**THE PROBLEM:** Give the data again exactly as it appears, excluding any pictures.
=== INFORMATION ===
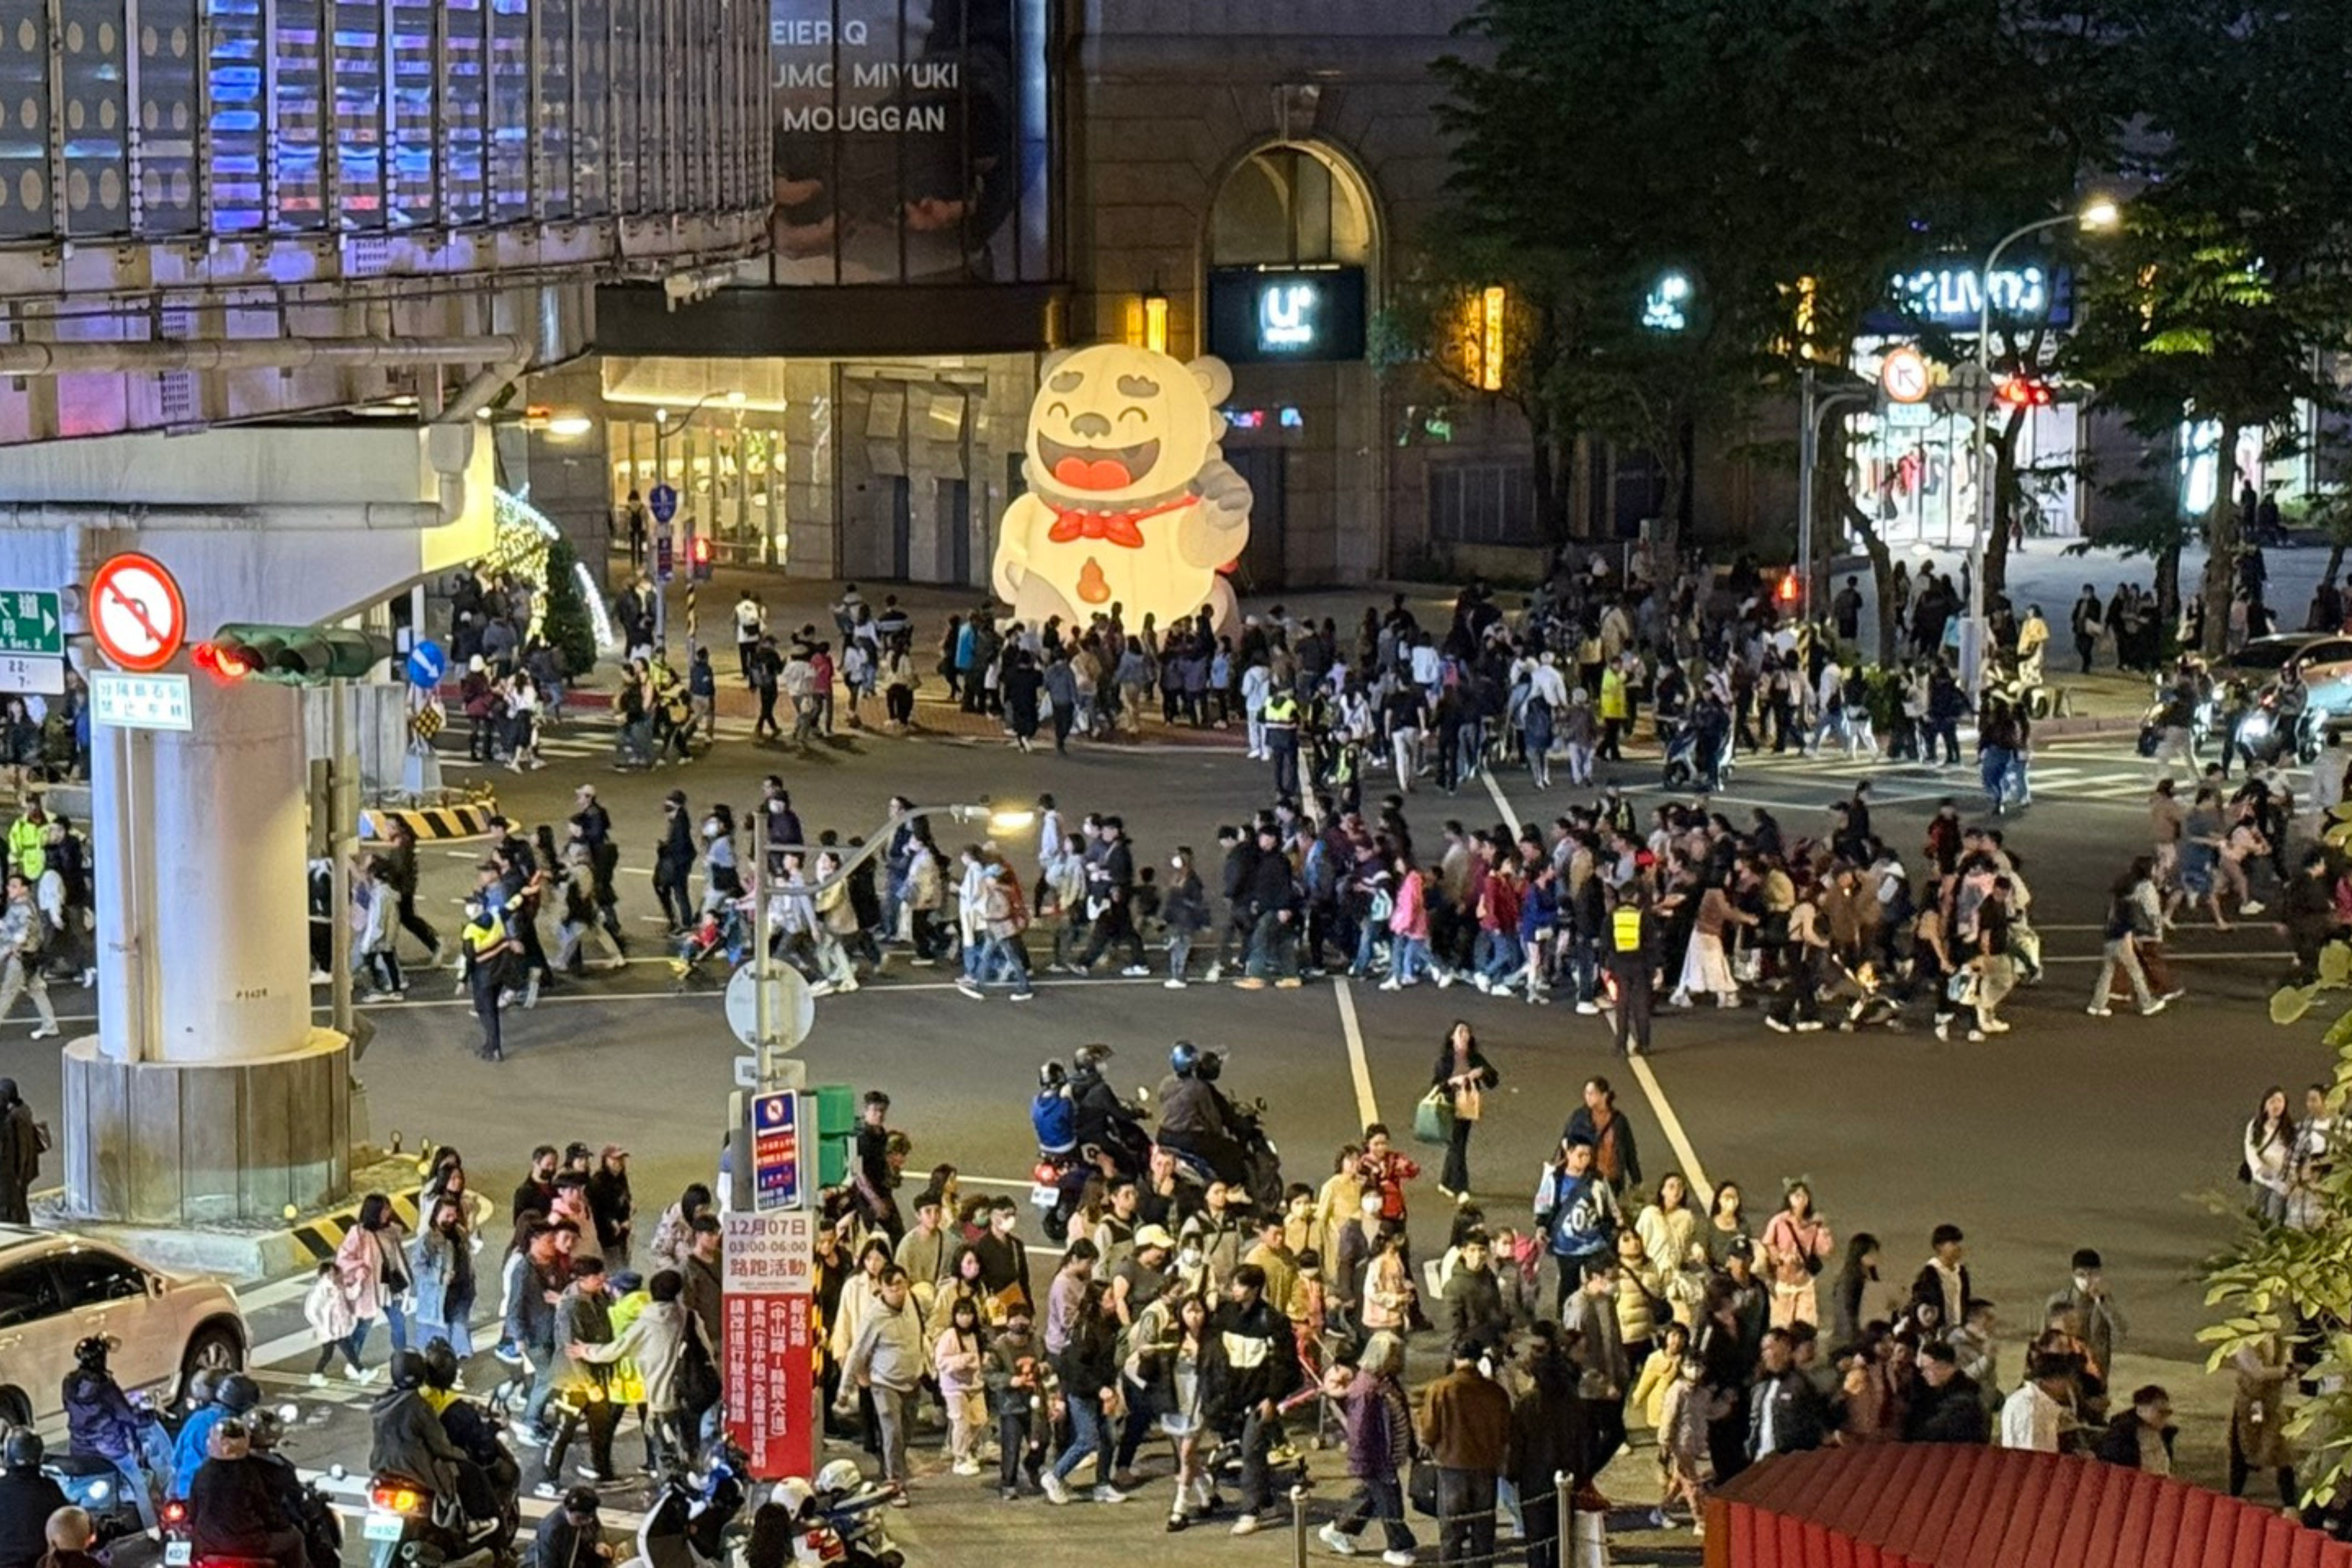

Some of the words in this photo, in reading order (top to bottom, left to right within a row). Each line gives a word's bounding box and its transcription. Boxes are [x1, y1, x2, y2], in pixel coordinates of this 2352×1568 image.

[853, 63, 958, 88] MIYUKI
[783, 106, 945, 131] MOUGGAN
[34, 636, 42, 650] 2
[729, 1218, 806, 1235] 12月07日
[729, 1241, 807, 1253] 03:00-06:00
[730, 1258, 806, 1277] 路跑活動
===
**SOLVED EXERCISE:**
Some of the words in this photo, in reading order (top to bottom, left to right within a row). Each line gives a word's bounding box and its transcription. Boxes are [x1, y1, x2, y2], in pixel coordinates of this 2352×1568 image.

[853, 63, 958, 88] MIYUKI
[783, 106, 945, 131] MOUGGAN
[34, 636, 42, 650] 2
[729, 1218, 806, 1235] 12月07日
[729, 1241, 807, 1253] 03:00-06:00
[730, 1258, 806, 1277] 路跑活動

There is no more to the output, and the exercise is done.